- Task instructions
Only the text belongs in the copy. Transcribe the data exactly and drop any pictures.

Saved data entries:
# # # # # # #
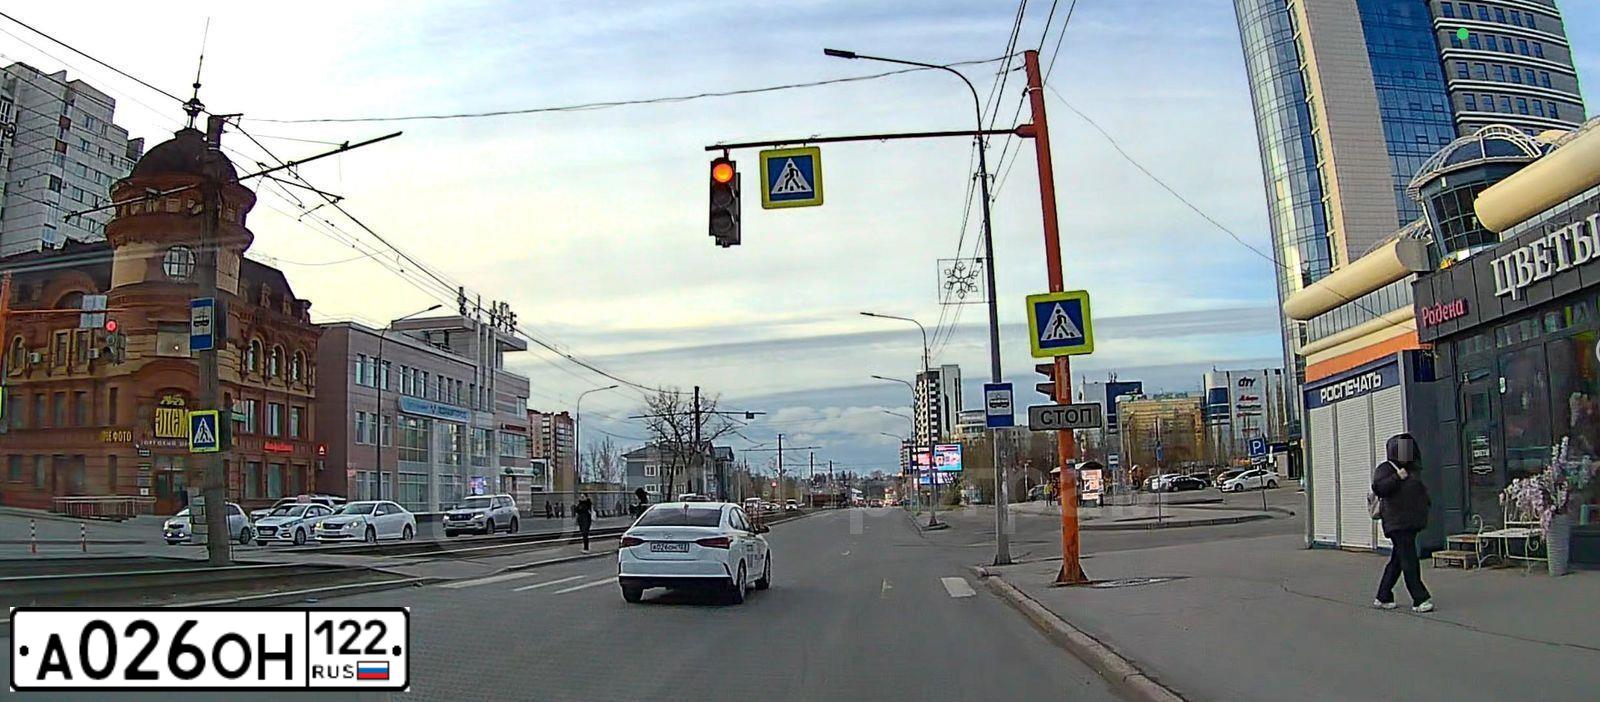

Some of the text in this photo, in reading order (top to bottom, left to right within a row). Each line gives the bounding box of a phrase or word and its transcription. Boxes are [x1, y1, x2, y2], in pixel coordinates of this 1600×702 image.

[1490, 213, 1600, 300] ЦВЕТЫ
[1422, 299, 1465, 327] Родена
[1320, 371, 1382, 404] РОСПЕЧАТЬ
[1041, 408, 1091, 425] СТОП
# # # # # # #
- Answer area
Some of the text in this photo, in reading order (top to bottom, left to right within a row). Each line gives the bounding box of a phrase or word and its transcription. Boxes are [x1, y1, x2, y2], in pixel coordinates of this 1600×702 image.

[1490, 213, 1600, 300] ЦВЕТЫ
[1422, 299, 1465, 327] Родена
[1320, 371, 1382, 404] РОСПЕЧАТЬ
[1041, 408, 1091, 425] СТОП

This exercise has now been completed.